Source: StockCharts, Ryan Puplava, CMT® CTS™ CES™
Sector leadership often provides early signal on where we stand in the business cycle. Sustained outperformance from late-cycle cyclicals such as industrials, materials, and energy — alongside strengthening defensive leadership in consumer staples, health care, utilities, and real estate — suggests the expansion may be moving into its mature phase and that the bull market is progressing toward a topping process. That does not imply an imminent peak in the coming weeks or months, but it frames current rotation as the early architecture of a cycle transition rather than a random shift in leadership.
What remains absent from the typical late-cycle checklist is overt policy restraint. We are not yet seeing meaningfully restrictive monetary policy, nor are fiscal headwinds — higher taxes or material spending cuts — pressuring risk assets. Without those constraints, topping processes historically extend over longer timeframes as liquidity and earnings support cushion downside risk.

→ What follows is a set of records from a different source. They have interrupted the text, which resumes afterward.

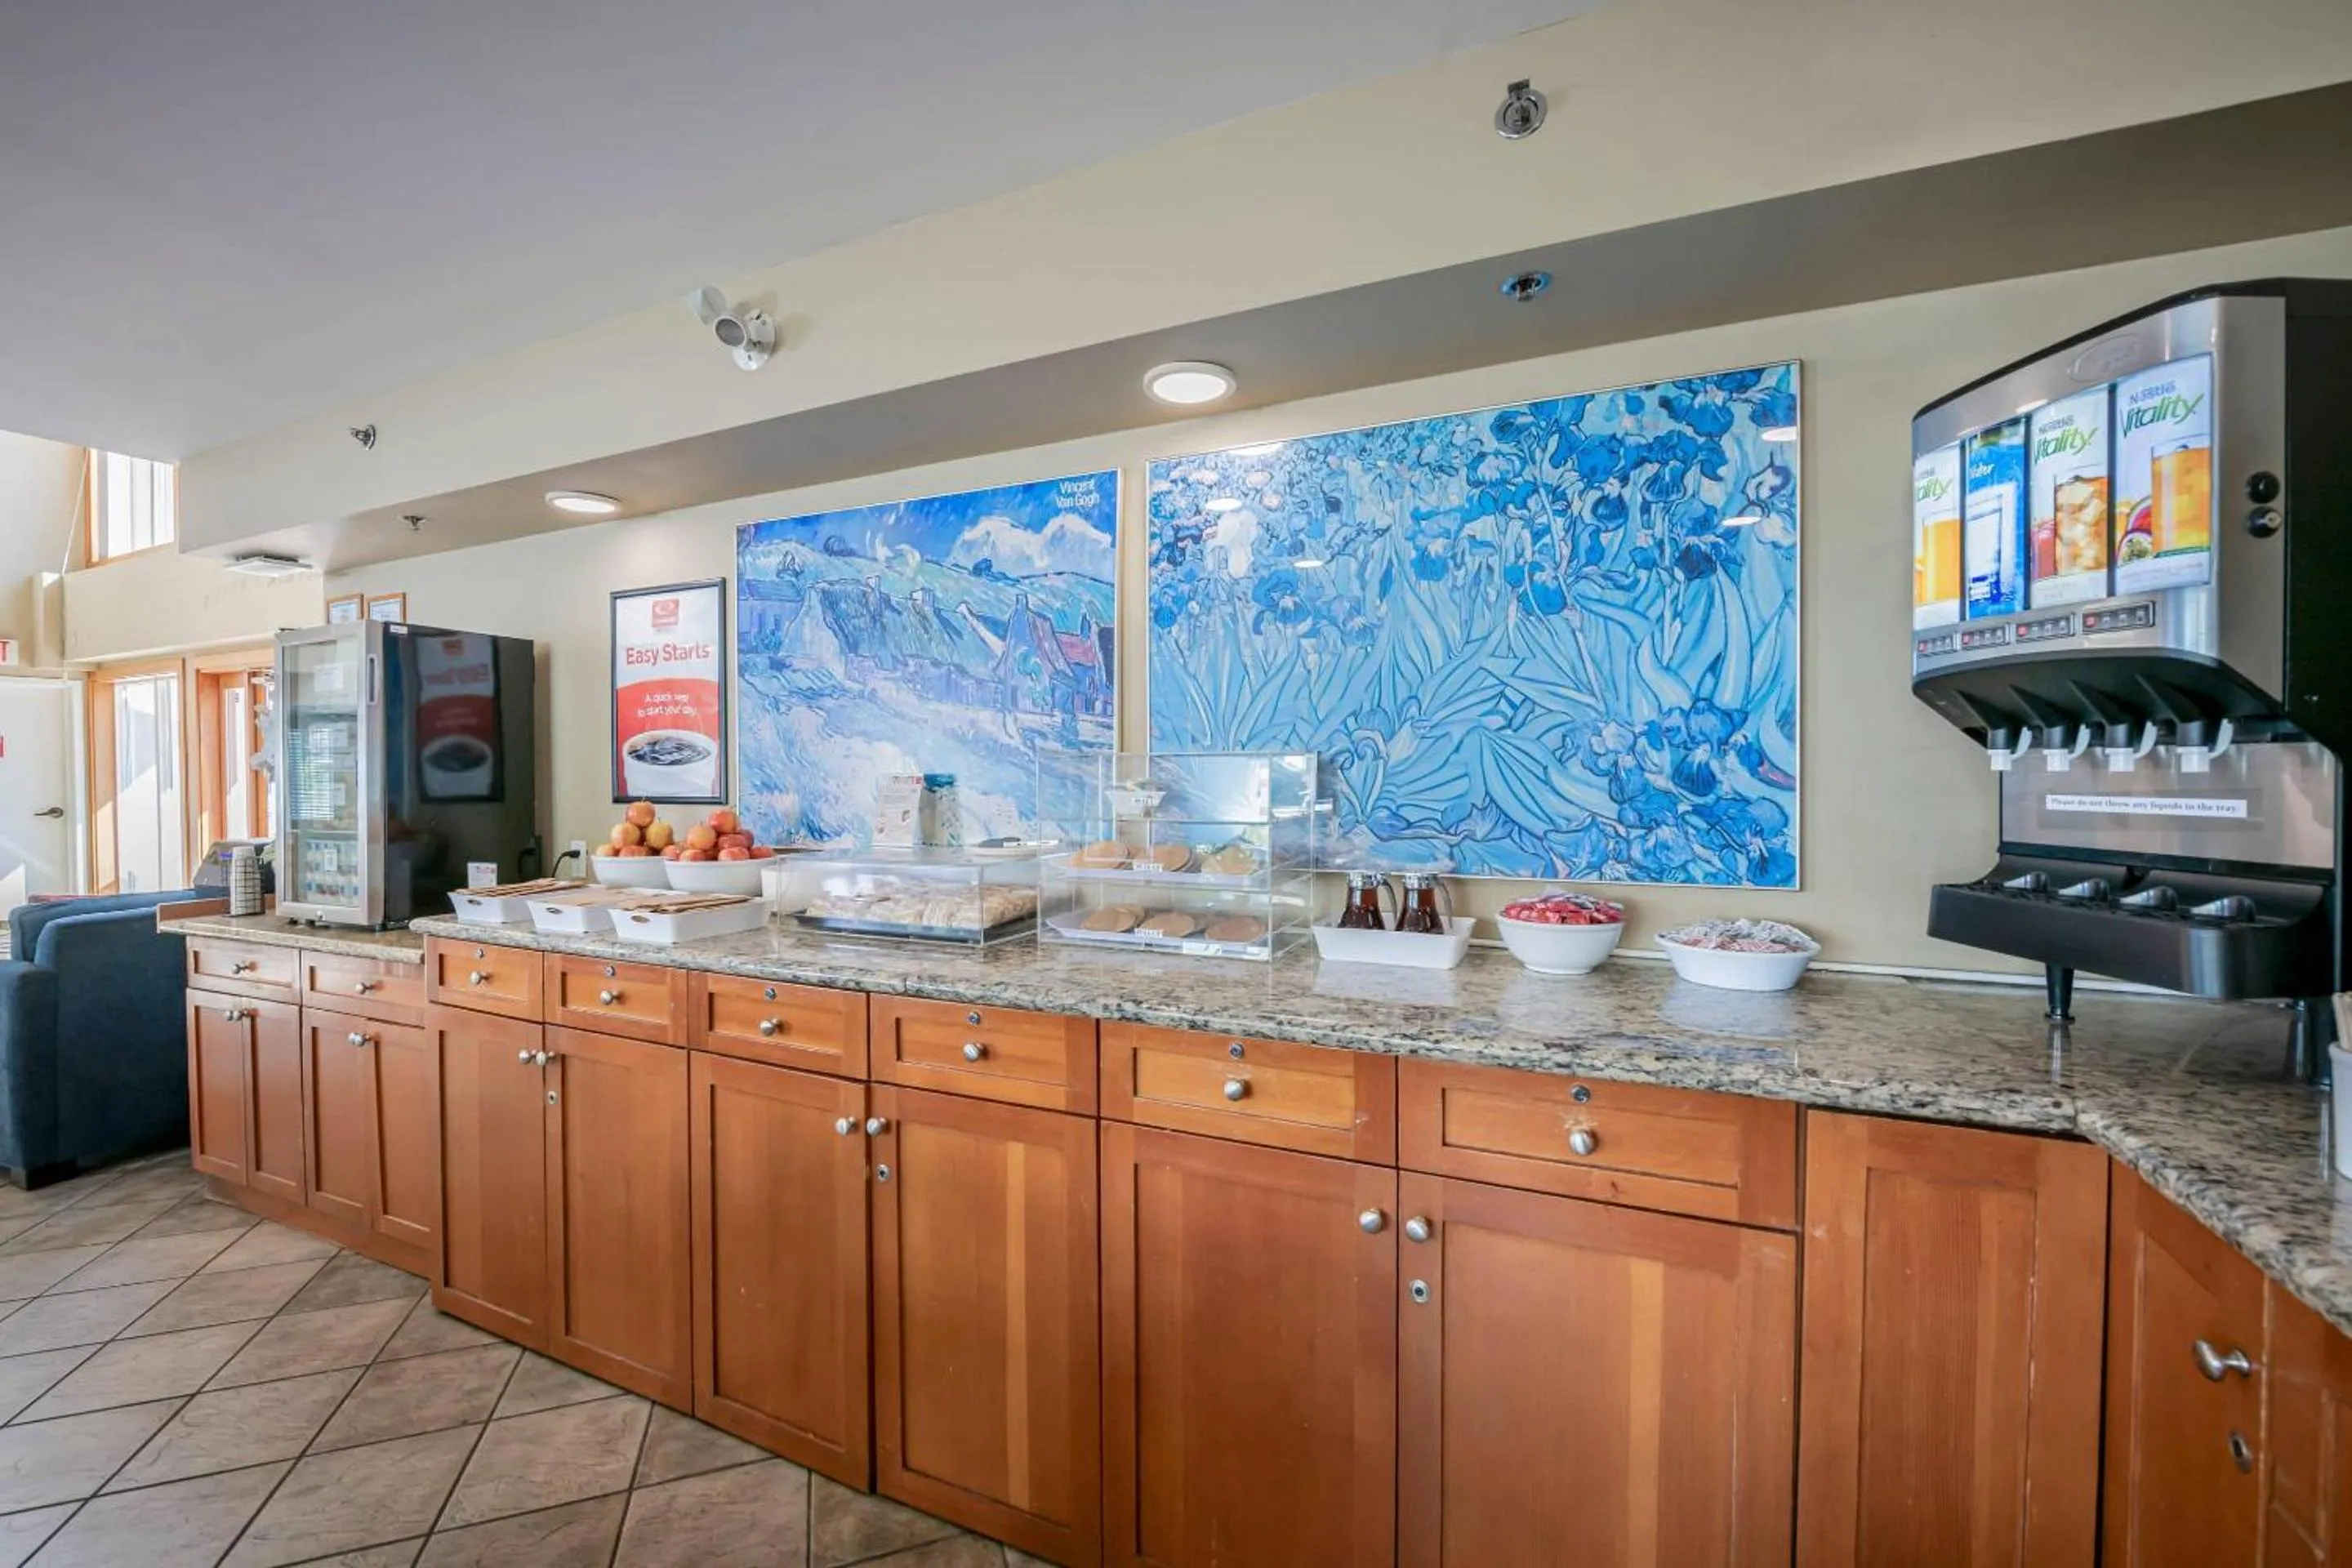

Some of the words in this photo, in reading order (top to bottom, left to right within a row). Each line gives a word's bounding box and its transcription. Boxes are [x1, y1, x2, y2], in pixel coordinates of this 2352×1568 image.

[2120, 394, 2203, 439] Vitality
[1060, 479, 1095, 494] Vincent
[1057, 497, 1073, 508] Van
[1076, 492, 1099, 507] Gogh
[626, 647, 659, 666] Easy
[662, 642, 710, 662] Starts
[2198, 803, 2213, 811] the

That said, we’re starting to see early cracks in the bull market as money continues rotating out of growth, high-beta, and many technology names. Semiconductors are the key group still holding up. If that group begins to lose strength, it would remove one of the market’s last major sources of momentum. The near-term focus now turns to two important earnings reports — Nvidia next week, followed shortly by Micron (MU). If either company disappoints, it could speed up the loss of leadership, since technology, consumer discretionary, and communication services are usually the first areas to weaken when markets transition into a downturn. My view is that with hyperscalers still increasing capital spending, a major earnings miss is unlikely. The bigger question is whether results merely meet expectations or significantly exceed them.

Source: StockCharts
Bottom Line
This week reinforced a market regime defined less by directional conviction and more by cross-currents. AI infrastructure and semiconductor ecosystems continue to anchor equity leadership even as software multiples compress under disruption fears. Macro data remains sufficiently mixed to prevent decisive Fed repricing, sustaining sensitivity to each inflation release. Meanwhile, geopolitical tensions, trade rulings, and private credit liquidity concerns serve as intermittent volatility catalysts across commodities, defense, and financials.
The result is a market where the major indexes look relatively stable on the surface, but underneath there’s a lot of shifting taking place. Leadership is being shaped at the same time by rapid technological change, an uncertain economic outlook, and rising geopolitical risks.